EXERCISE INPUT -
◆ ◆ ◆ ◆ ◆

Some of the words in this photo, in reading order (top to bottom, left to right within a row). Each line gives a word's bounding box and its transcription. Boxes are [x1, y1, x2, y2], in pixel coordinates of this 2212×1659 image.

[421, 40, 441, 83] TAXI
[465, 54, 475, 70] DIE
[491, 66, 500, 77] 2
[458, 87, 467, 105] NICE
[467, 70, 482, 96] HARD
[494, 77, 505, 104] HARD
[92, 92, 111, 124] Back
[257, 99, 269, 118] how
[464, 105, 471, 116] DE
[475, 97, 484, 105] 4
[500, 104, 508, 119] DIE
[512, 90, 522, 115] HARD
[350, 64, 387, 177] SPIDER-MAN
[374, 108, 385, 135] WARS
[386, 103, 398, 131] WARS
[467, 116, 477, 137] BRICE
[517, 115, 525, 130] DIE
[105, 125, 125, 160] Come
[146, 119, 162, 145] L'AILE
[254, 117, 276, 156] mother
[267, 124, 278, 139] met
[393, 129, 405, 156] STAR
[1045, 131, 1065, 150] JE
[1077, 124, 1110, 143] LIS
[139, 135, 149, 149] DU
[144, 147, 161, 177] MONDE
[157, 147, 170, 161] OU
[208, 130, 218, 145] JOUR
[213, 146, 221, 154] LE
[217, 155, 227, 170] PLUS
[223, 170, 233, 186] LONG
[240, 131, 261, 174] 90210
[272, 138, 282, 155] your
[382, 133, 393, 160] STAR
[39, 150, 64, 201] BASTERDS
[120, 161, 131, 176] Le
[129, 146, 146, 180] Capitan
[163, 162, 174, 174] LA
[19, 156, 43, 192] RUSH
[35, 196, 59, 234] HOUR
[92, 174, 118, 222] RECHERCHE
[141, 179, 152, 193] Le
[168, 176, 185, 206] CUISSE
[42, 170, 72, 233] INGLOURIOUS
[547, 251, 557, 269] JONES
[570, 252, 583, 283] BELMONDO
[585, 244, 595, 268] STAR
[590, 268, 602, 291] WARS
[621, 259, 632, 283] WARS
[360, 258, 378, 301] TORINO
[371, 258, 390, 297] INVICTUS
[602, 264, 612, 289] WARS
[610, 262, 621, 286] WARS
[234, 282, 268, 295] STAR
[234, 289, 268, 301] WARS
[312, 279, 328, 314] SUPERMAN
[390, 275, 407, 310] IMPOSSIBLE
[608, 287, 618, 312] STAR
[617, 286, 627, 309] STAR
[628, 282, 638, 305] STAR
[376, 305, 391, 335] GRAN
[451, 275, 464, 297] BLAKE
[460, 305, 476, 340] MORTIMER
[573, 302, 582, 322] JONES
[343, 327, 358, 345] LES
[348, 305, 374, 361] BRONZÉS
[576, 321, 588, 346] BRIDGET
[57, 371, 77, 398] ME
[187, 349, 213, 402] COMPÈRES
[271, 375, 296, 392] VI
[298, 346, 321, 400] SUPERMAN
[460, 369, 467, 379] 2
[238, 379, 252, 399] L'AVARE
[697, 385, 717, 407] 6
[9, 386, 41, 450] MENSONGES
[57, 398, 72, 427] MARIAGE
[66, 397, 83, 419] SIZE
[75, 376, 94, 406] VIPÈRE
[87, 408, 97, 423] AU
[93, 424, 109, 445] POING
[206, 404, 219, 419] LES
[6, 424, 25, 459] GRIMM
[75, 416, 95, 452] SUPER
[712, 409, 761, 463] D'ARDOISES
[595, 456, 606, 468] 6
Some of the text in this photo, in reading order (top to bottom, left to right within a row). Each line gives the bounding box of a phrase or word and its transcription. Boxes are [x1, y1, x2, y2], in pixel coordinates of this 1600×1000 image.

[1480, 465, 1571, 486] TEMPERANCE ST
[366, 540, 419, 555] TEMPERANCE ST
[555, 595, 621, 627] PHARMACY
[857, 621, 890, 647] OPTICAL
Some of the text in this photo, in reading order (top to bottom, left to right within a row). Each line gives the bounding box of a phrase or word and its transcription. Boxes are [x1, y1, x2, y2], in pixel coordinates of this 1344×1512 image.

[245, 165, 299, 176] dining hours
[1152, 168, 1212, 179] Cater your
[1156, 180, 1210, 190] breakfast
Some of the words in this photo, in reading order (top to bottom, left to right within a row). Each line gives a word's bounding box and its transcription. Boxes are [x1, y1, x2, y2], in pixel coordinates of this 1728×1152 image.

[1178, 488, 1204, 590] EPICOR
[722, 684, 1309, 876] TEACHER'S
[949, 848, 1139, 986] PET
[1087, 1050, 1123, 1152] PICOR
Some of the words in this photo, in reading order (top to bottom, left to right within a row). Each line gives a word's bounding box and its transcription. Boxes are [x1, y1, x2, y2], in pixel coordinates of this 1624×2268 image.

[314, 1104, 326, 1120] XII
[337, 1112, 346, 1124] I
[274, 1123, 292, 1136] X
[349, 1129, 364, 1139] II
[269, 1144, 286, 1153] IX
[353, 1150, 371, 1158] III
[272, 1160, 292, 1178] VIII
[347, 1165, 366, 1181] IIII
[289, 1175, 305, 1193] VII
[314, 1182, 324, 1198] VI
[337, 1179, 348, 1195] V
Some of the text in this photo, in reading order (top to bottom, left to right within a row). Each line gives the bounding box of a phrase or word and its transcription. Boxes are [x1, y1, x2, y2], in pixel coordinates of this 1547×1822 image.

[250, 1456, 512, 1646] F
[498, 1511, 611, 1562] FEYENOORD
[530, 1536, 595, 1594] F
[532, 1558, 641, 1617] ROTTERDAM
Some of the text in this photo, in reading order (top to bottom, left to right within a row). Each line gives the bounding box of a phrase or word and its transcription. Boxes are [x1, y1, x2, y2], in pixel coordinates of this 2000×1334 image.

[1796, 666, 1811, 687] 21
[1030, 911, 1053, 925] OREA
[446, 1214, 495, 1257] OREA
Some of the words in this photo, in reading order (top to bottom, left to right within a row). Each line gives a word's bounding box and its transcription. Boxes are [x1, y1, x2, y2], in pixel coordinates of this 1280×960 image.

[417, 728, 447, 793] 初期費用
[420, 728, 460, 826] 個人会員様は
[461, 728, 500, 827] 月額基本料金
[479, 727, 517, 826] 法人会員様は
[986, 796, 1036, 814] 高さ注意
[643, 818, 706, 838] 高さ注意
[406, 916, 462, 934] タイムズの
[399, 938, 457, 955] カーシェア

◆ ◆ ◆ ◆ ◆

PROBLEM DETAILS - Could you give the records above again, exactly and in full?

RESULT FOR THIS EXERCISE -
Some of the words in this photo, in reading order (top to bottom, left to right within a row). Each line gives a word's bounding box and its transcription. Boxes are [x1, y1, x2, y2], in pixel coordinates of this 2212×1659 image.

[421, 40, 441, 83] TAXI
[465, 54, 475, 70] DIE
[491, 66, 500, 77] 2
[458, 87, 467, 105] NICE
[467, 70, 482, 96] HARD
[494, 77, 505, 104] HARD
[92, 92, 111, 124] Back
[257, 99, 269, 118] how
[464, 105, 471, 116] DE
[475, 97, 484, 105] 4
[500, 104, 508, 119] DIE
[512, 90, 522, 115] HARD
[350, 64, 387, 177] SPIDER-MAN
[374, 108, 385, 135] WARS
[386, 103, 398, 131] WARS
[467, 116, 477, 137] BRICE
[517, 115, 525, 130] DIE
[105, 125, 125, 160] Come
[146, 119, 162, 145] L'AILE
[254, 117, 276, 156] mother
[267, 124, 278, 139] met
[393, 129, 405, 156] STAR
[1045, 131, 1065, 150] JE
[1077, 124, 1110, 143] LIS
[139, 135, 149, 149] DU
[144, 147, 161, 177] MONDE
[157, 147, 170, 161] OU
[208, 130, 218, 145] JOUR
[213, 146, 221, 154] LE
[217, 155, 227, 170] PLUS
[223, 170, 233, 186] LONG
[240, 131, 261, 174] 90210
[272, 138, 282, 155] your
[382, 133, 393, 160] STAR
[39, 150, 64, 201] BASTERDS
[120, 161, 131, 176] Le
[129, 146, 146, 180] Capitan
[163, 162, 174, 174] LA
[19, 156, 43, 192] RUSH
[35, 196, 59, 234] HOUR
[92, 174, 118, 222] RECHERCHE
[141, 179, 152, 193] Le
[168, 176, 185, 206] CUISSE
[42, 170, 72, 233] INGLOURIOUS
[547, 251, 557, 269] JONES
[570, 252, 583, 283] BELMONDO
[585, 244, 595, 268] STAR
[590, 268, 602, 291] WARS
[621, 259, 632, 283] WARS
[360, 258, 378, 301] TORINO
[371, 258, 390, 297] INVICTUS
[602, 264, 612, 289] WARS
[610, 262, 621, 286] WARS
[234, 282, 268, 295] STAR
[234, 289, 268, 301] WARS
[312, 279, 328, 314] SUPERMAN
[390, 275, 407, 310] IMPOSSIBLE
[608, 287, 618, 312] STAR
[617, 286, 627, 309] STAR
[628, 282, 638, 305] STAR
[376, 305, 391, 335] GRAN
[451, 275, 464, 297] BLAKE
[460, 305, 476, 340] MORTIMER
[573, 302, 582, 322] JONES
[343, 327, 358, 345] LES
[348, 305, 374, 361] BRONZÉS
[576, 321, 588, 346] BRIDGET
[57, 371, 77, 398] ME
[187, 349, 213, 402] COMPÈRES
[271, 375, 296, 392] VI
[298, 346, 321, 400] SUPERMAN
[460, 369, 467, 379] 2
[238, 379, 252, 399] L'AVARE
[697, 385, 717, 407] 6
[9, 386, 41, 450] MENSONGES
[57, 398, 72, 427] MARIAGE
[66, 397, 83, 419] SIZE
[75, 376, 94, 406] VIPÈRE
[87, 408, 97, 423] AU
[93, 424, 109, 445] POING
[206, 404, 219, 419] LES
[6, 424, 25, 459] GRIMM
[75, 416, 95, 452] SUPER
[712, 409, 761, 463] D'ARDOISES
[595, 456, 606, 468] 6
Some of the text in this photo, in reading order (top to bottom, left to right within a row). Each line gives the bounding box of a phrase or word and its transcription. Boxes are [x1, y1, x2, y2], in pixel coordinates of this 1600×1000 image.

[1480, 465, 1571, 486] TEMPERANCE ST
[366, 540, 419, 555] TEMPERANCE ST
[555, 595, 621, 627] PHARMACY
[857, 621, 890, 647] OPTICAL
Some of the text in this photo, in reading order (top to bottom, left to right within a row). Each line gives the bounding box of a phrase or word and its transcription. Boxes are [x1, y1, x2, y2], in pixel coordinates of this 1344×1512 image.

[245, 165, 299, 176] dining hours
[1152, 168, 1212, 179] Cater your
[1156, 180, 1210, 190] breakfast
Some of the words in this photo, in reading order (top to bottom, left to right within a row). Each line gives a word's bounding box and its transcription. Boxes are [x1, y1, x2, y2], in pixel coordinates of this 1728×1152 image.

[1178, 488, 1204, 590] EPICOR
[722, 684, 1309, 876] TEACHER'S
[949, 848, 1139, 986] PET
[1087, 1050, 1123, 1152] PICOR
Some of the words in this photo, in reading order (top to bottom, left to right within a row). Each line gives a word's bounding box and its transcription. Boxes are [x1, y1, x2, y2], in pixel coordinates of this 1624×2268 image.

[314, 1104, 326, 1120] XII
[337, 1112, 346, 1124] I
[274, 1123, 292, 1136] X
[349, 1129, 364, 1139] II
[269, 1144, 286, 1153] IX
[353, 1150, 371, 1158] III
[272, 1160, 292, 1178] VIII
[347, 1165, 366, 1181] IIII
[289, 1175, 305, 1193] VII
[314, 1182, 324, 1198] VI
[337, 1179, 348, 1195] V
Some of the text in this photo, in reading order (top to bottom, left to right within a row). Each line gives the bounding box of a phrase or word and its transcription. Boxes are [x1, y1, x2, y2], in pixel coordinates of this 1547×1822 image.

[250, 1456, 512, 1646] F
[498, 1511, 611, 1562] FEYENOORD
[530, 1536, 595, 1594] F
[532, 1558, 641, 1617] ROTTERDAM
Some of the text in this photo, in reading order (top to bottom, left to right within a row). Each line gives the bounding box of a phrase or word and its transcription. Boxes are [x1, y1, x2, y2], in pixel coordinates of this 2000×1334 image.

[1796, 666, 1811, 687] 21
[1030, 911, 1053, 925] OREA
[446, 1214, 495, 1257] OREA
Some of the words in this photo, in reading order (top to bottom, left to right within a row). Each line gives a word's bounding box and its transcription. Boxes are [x1, y1, x2, y2], in pixel coordinates of this 1280×960 image.

[417, 728, 447, 793] 初期費用
[420, 728, 460, 826] 個人会員様は
[461, 728, 500, 827] 月額基本料金
[479, 727, 517, 826] 法人会員様は
[986, 796, 1036, 814] 高さ注意
[643, 818, 706, 838] 高さ注意
[406, 916, 462, 934] タイムズの
[399, 938, 457, 955] カーシェア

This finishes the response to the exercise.